Update Corona di DI Yogyakarta
Diprediksi Banyak Kasus Kekerasan Tersembunyi pada Anak dan Perempuan di DIY Selama Pandemi
DP3AP2 DIY mencatat angka laporan kasus kekerasan selama pandemi mengalami penurunan.
Penulis: Maruti Asmaul Husna | Editor: Gaya Lufityanti
Laporan Reporter Tribun Jogja, Maruti Asmaul Husna
TRIBUNJOGJA.COM, YOGYA - Dinas Pemberdayaan Perempuan Perlindungan Anak dan Pengendalian Penduduk (DP3AP2) DIY mencatat angka laporan kasus kekerasan selama pandemi mengalami penurunan.
Namun, hal itu perlu diwaspadai sebagai banyaknya kasus kekerasan yang tersembunyi.
Kepala Seksi Informasi Data Gender dan Kerjasama, DP3AP2 DIY, Arif Nasirudin mengatakan berdasarkan laporan layanan korban kekerasan perempuan dan anak dari lembaga layanan yang tergabung dalam Forum Perlindungan Korban Kekerasan (FPKK) baik tingkat provinsi maupun kabupaten/kota pada Januari-Maret 2020 tercatat sebanyak 313 korban yang ditangani.
Sejumlah 133 di antaranya berusia anak dan selebihnya perempuan.
Adapun laporan yang masuk selama April-Juni baru terlapor 101 korban.
• Kasus Kekerasan di Kota Yogya pada Maret 2020 Meningkat
Yang terdiri atas 33 orang berusia anak dan selebihnya perempuan.
“Dari sisi layanan memang terlihat turun datanya. Namun, ada beberapa catatan, bahwa korban kekerasan banyak yang mengalami kesulitan untuk mengakses layanan karena harus di rumah saja, takut untuk keluar rumah dan mengakses layanan umum.

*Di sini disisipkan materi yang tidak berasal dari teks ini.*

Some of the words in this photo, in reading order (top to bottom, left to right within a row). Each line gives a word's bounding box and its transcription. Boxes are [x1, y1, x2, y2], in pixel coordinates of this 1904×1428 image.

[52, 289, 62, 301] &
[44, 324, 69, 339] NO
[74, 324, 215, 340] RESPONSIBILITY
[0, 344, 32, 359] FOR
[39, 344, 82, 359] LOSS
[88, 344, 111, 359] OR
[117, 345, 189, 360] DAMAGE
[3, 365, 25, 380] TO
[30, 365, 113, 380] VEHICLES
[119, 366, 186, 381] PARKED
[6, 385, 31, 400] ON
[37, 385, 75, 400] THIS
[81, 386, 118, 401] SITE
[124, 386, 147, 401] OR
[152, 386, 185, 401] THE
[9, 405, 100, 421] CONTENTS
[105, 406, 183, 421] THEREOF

Misalnya, layanan korban di rumah sakit,” ujarnya saat dihubungi Tribunjogja.com, Rabu (17/6/2020).
Dengan demikian, kata dia, kemungkinan banyak korban kekerasan yang mengalami kekerasan pada masa pandemi ini tidak mengakses layanan, sehingga tidak tercatat dalam data.
“Ini kemudian yang beberapa waktu lalu dalam koordinasi FPKK ditekankan kepada semua lembaga untuk tetap dapat memberikan layanan dengan prosedur yang mempertimbangkan protokol kesehatan dengan baik sehingga layanan kepada korban tetap berjalan,” ungkapnya.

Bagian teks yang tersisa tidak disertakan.